* Task item: Return the entries below verbatim. Pictures stay out.

* Data to examine:
=======
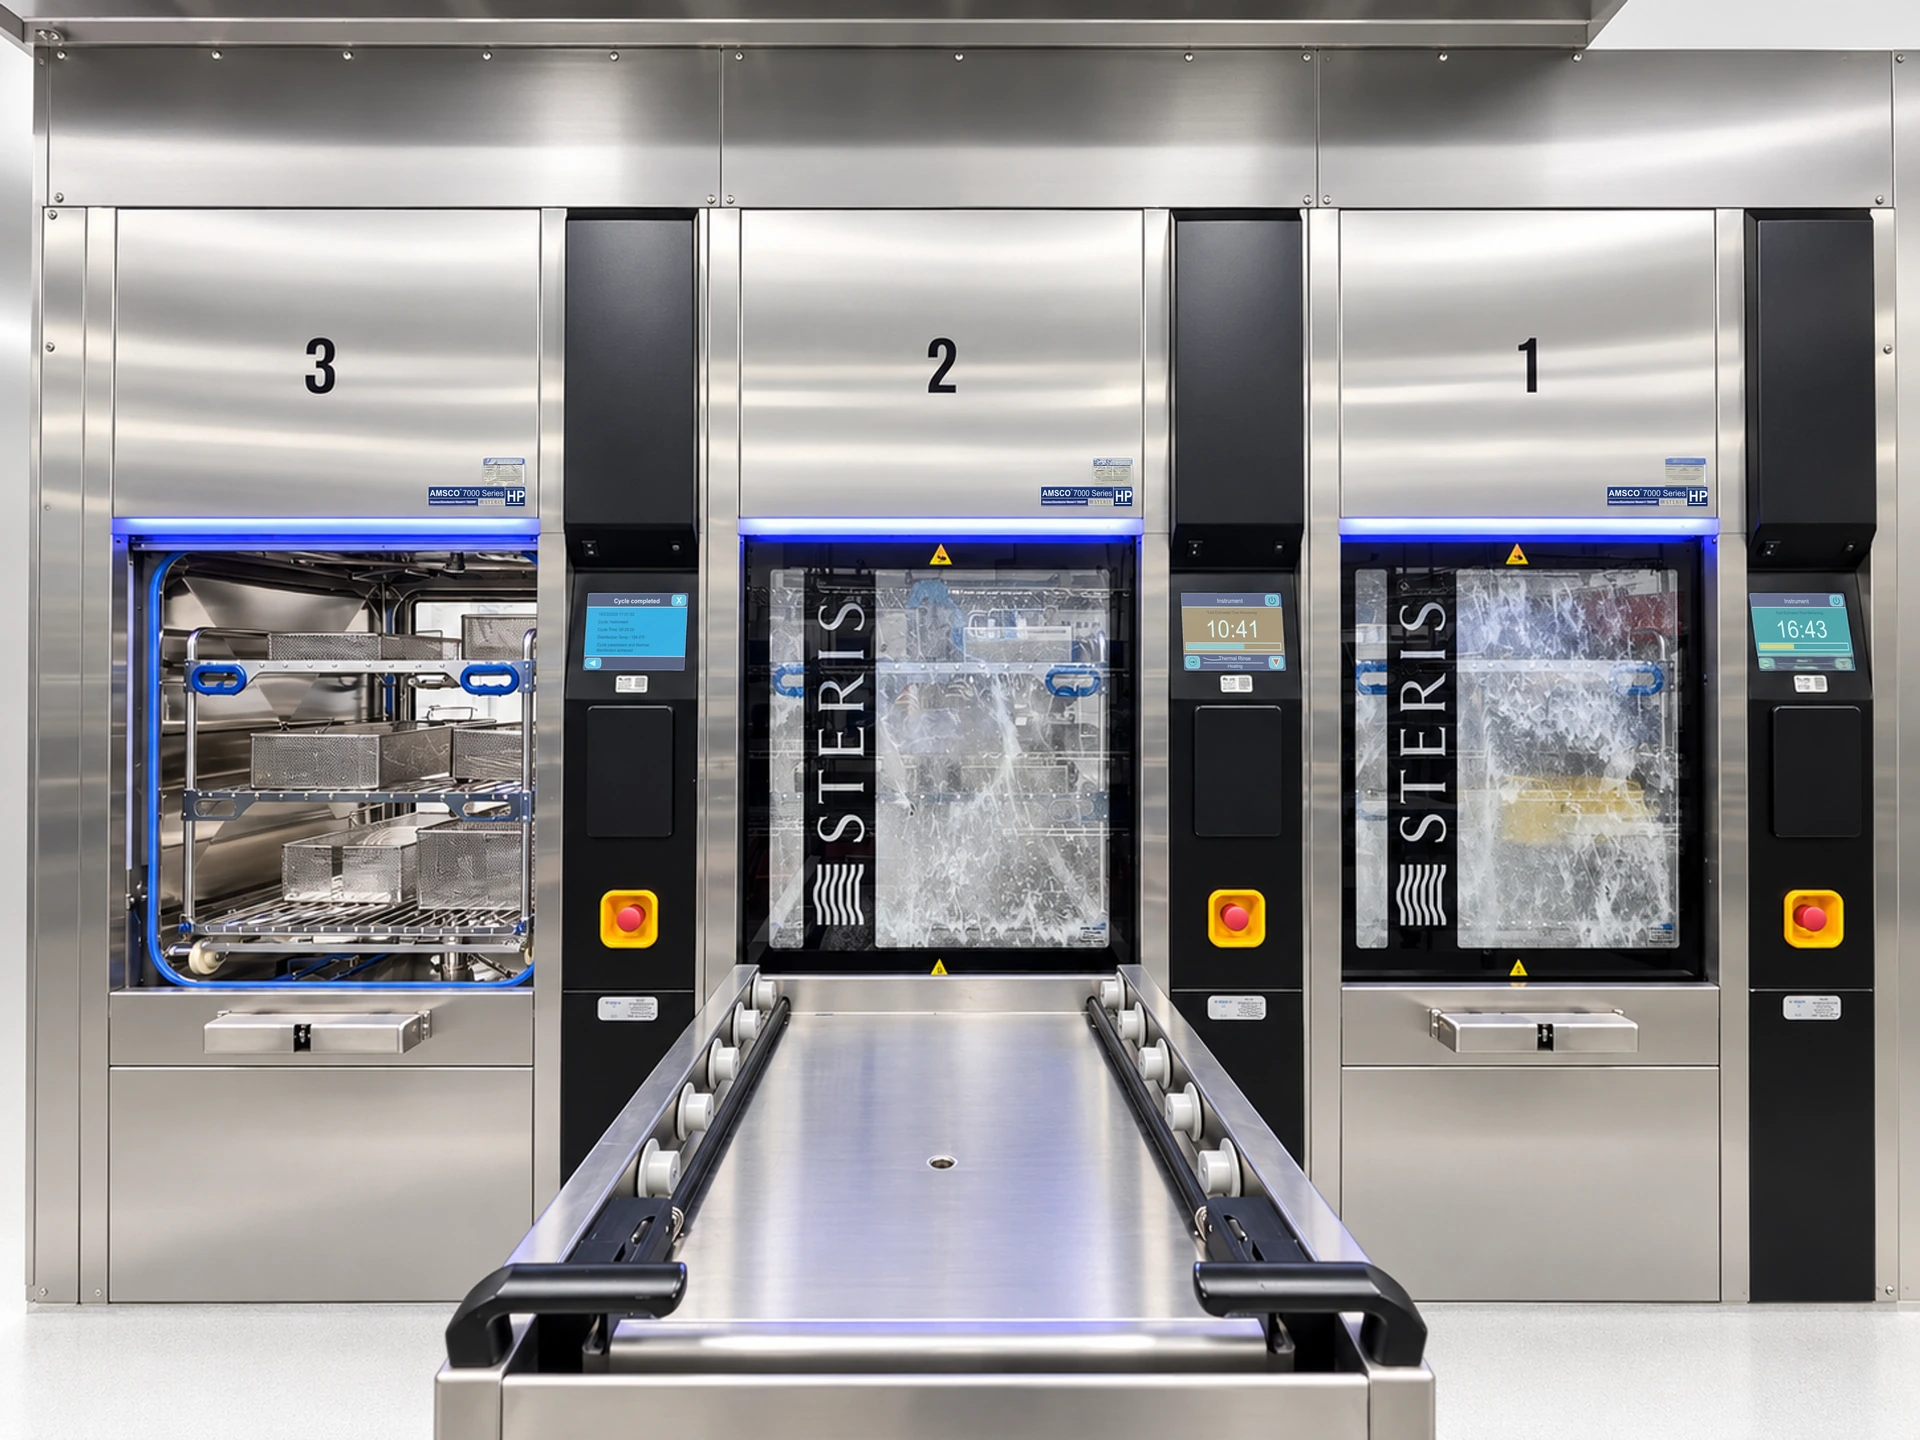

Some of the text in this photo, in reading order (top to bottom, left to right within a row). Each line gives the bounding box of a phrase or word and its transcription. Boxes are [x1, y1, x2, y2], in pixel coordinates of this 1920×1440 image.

[305, 337, 336, 394] 3
[928, 338, 957, 393] 2
[1518, 338, 1537, 393] 1
[463, 489, 480, 497] 7000
[481, 489, 504, 497] Series
[507, 490, 525, 502] HP
[1073, 489, 1090, 497] 7000
[1091, 489, 1113, 497] Series
[1115, 490, 1132, 502] HP
[1643, 489, 1660, 497] 7000
[1662, 489, 1686, 497] Series
[1689, 490, 1708, 502] HP
[1207, 619, 1257, 638] 10:41
[1777, 620, 1828, 638] 16:43
[817, 602, 865, 843] STERIS
[1399, 602, 1447, 843] STERIS
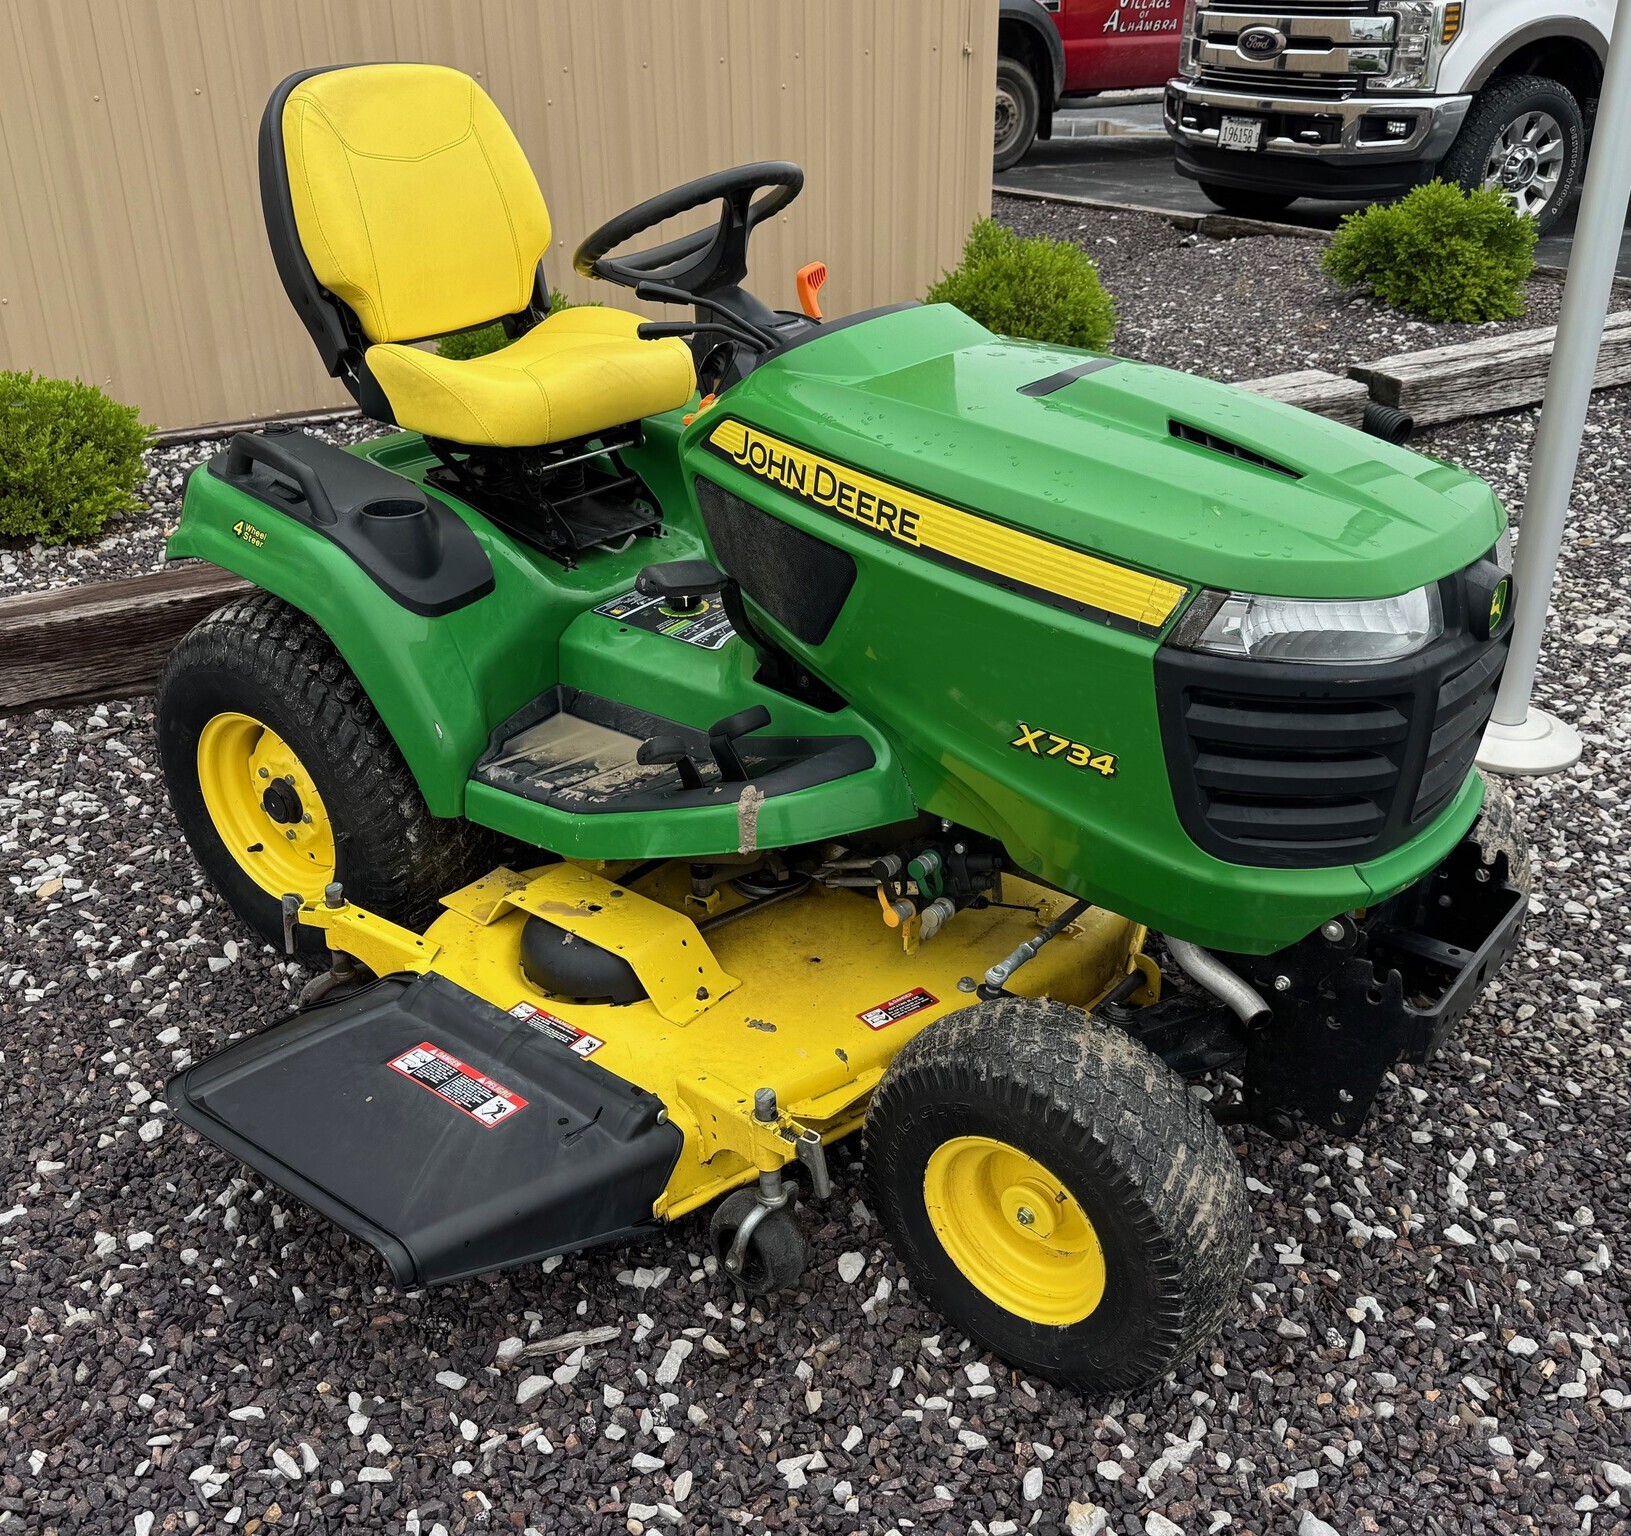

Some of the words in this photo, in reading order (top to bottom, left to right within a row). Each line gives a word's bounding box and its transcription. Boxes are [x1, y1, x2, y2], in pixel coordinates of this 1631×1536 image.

[1103, 9, 1177, 32] ALHAMBRA
[1245, 34, 1270, 49] Ford
[1222, 126, 1254, 144] 196158
[733, 430, 808, 495] JOHN
[813, 463, 921, 546] DEERE
[232, 520, 245, 537] 4
[245, 523, 268, 540] Wheel
[243, 531, 264, 548] Steer
[1011, 723, 1116, 776] X734
=======
* Written solution:
Some of the text in this photo, in reading order (top to bottom, left to right within a row). Each line gives the bounding box of a phrase or word and its transcription. Boxes are [x1, y1, x2, y2], in pixel coordinates of this 1920×1440 image.

[305, 337, 336, 394] 3
[928, 338, 957, 393] 2
[1518, 338, 1537, 393] 1
[463, 489, 480, 497] 7000
[481, 489, 504, 497] Series
[507, 490, 525, 502] HP
[1073, 489, 1090, 497] 7000
[1091, 489, 1113, 497] Series
[1115, 490, 1132, 502] HP
[1643, 489, 1660, 497] 7000
[1662, 489, 1686, 497] Series
[1689, 490, 1708, 502] HP
[1207, 619, 1257, 638] 10:41
[1777, 620, 1828, 638] 16:43
[817, 602, 865, 843] STERIS
[1399, 602, 1447, 843] STERIS

Some of the words in this photo, in reading order (top to bottom, left to right within a row). Each line gives a word's bounding box and its transcription. Boxes are [x1, y1, x2, y2], in pixel coordinates of this 1631×1536 image.

[1103, 9, 1177, 32] ALHAMBRA
[1245, 34, 1270, 49] Ford
[1222, 126, 1254, 144] 196158
[733, 430, 808, 495] JOHN
[813, 463, 921, 546] DEERE
[232, 520, 245, 537] 4
[245, 523, 268, 540] Wheel
[243, 531, 264, 548] Steer
[1011, 723, 1116, 776] X734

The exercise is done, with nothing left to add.